Der Andere als Täuschung, Verlust als Chance
Die Reflexionsbestimmung eines Objekts erlaube es uns dann, sich selbst im Umgehen mit den Eigenschaften des Objekts zu betrachten, es gehe also vielmehr um den Umgang mit der Wahrheit, als um das Eindringen darin. „Man erlangt Zutritt zum Bereich der Wahrheit, indem man zurücktritt und der Versuchung widersteht, in ihn direkt einzudringen.“ Das eigene verloren geglaubte Wissen werde auf ein Objekt, das das vermeintliche Wissen besitzt übertragen und somit der eigene Verlust eine Bedingung unsere Übertragung auf den anderen. „Als Subjekt bin ich niemals dort, wo ich denke“, sondern dort wo ich handle.

„Vernunft ist die absolute Form, außerhalb der kein Inhalt besteht.“, konstatiert er schließlich. „Das Objekt selbst ist in einem gewissen Sinne die inkarnierte Nicht-Wahrheit; seine innerste Präsenz füllt ein Loch im Felde der `Wahrheit´ aus, und das ist der Grund, warum der Übergang zur `Wahrheit´ eines Objektes dessen Verlust nach sich zieht, die Auflösung seiner ontologischen Verfassung.“ Der Weg zur Wahrheit ist Teil der Wahrheit selbst, wie es Hegel formulierte. Einer Täuschung sitzen wir allemal auf, wenn wir glauben, etwas besitzen zu können.

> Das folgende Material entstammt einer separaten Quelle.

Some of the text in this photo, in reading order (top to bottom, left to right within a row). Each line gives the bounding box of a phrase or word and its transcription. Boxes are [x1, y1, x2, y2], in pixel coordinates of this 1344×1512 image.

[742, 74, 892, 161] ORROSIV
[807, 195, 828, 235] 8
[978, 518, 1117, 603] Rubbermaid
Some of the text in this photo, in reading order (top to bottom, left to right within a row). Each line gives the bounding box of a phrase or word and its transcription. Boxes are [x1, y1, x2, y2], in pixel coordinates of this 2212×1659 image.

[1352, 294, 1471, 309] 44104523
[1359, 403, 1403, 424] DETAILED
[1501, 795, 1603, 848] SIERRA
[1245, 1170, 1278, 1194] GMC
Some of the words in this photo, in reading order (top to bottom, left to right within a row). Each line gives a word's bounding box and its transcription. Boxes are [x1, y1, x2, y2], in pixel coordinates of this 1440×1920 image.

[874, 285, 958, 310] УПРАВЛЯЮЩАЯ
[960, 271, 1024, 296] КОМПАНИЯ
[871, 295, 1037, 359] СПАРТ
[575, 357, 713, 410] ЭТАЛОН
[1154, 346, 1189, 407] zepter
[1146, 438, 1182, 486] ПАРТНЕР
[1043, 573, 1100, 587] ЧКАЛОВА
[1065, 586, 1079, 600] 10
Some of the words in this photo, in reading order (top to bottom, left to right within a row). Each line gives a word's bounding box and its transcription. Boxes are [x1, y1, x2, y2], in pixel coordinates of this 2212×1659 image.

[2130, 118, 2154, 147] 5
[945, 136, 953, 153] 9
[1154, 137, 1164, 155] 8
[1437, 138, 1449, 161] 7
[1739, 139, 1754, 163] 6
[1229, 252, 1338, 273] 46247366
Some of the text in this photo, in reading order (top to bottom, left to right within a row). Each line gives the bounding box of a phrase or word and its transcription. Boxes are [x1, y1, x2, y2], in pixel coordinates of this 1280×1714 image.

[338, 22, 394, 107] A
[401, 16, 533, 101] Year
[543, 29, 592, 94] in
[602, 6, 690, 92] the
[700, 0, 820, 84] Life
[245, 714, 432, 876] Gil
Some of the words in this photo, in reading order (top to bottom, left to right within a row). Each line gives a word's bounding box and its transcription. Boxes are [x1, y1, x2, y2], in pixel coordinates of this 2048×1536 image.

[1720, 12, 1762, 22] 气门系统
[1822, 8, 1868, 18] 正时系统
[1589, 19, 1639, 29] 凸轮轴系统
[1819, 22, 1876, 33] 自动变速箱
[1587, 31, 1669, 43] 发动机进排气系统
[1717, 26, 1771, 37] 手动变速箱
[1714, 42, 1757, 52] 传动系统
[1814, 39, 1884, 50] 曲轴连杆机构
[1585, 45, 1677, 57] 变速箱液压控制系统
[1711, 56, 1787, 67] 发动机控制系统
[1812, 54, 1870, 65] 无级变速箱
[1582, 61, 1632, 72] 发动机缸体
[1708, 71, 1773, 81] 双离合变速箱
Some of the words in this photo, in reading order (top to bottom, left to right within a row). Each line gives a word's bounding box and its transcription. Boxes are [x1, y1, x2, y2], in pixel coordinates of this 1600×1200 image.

„Man wird getäuscht, insofern man denkt, dass das Vorgefundene schon vor seinem `Verlassen´ bestand – insofern man denkt, dass man einmal vor dem Verlust in Besitz dessen war, was durch die Reflexion verlorenging. Man wird also hinsichtlich der Tatsache getäuscht, dass man niemals das durch die Reflexion Verlorgenengegange besaß.“ Bald entdeckt das Subjekt, dass es von Anfang an keinen Halt im Anderen gab, dass es selbst die „entdeckte“ Bedeutung erzeugte, schreibt Zizek. Die weiteren Vorlesungen Zizeks, die in diesem Band zusammengefasst wurden, beschäftigen sich mit dem „Unbehagen in der Dialektik“, der „aussschweifenden Identität“, Lalangue, die „List der Vernunft“, de Sade und Kant, Berchts Versagung, Foucault und Hegels Monismus.

Fazit
Wer Trost sucht in bitteren Zeiten, wird auch in dieser Publikation von Slavoj Zizek, das finden, was er gar nicht zu suchen wusste. Wie immer ein delikates Lesevergnügen, für Lacanianer und solche die es noch werden wollen.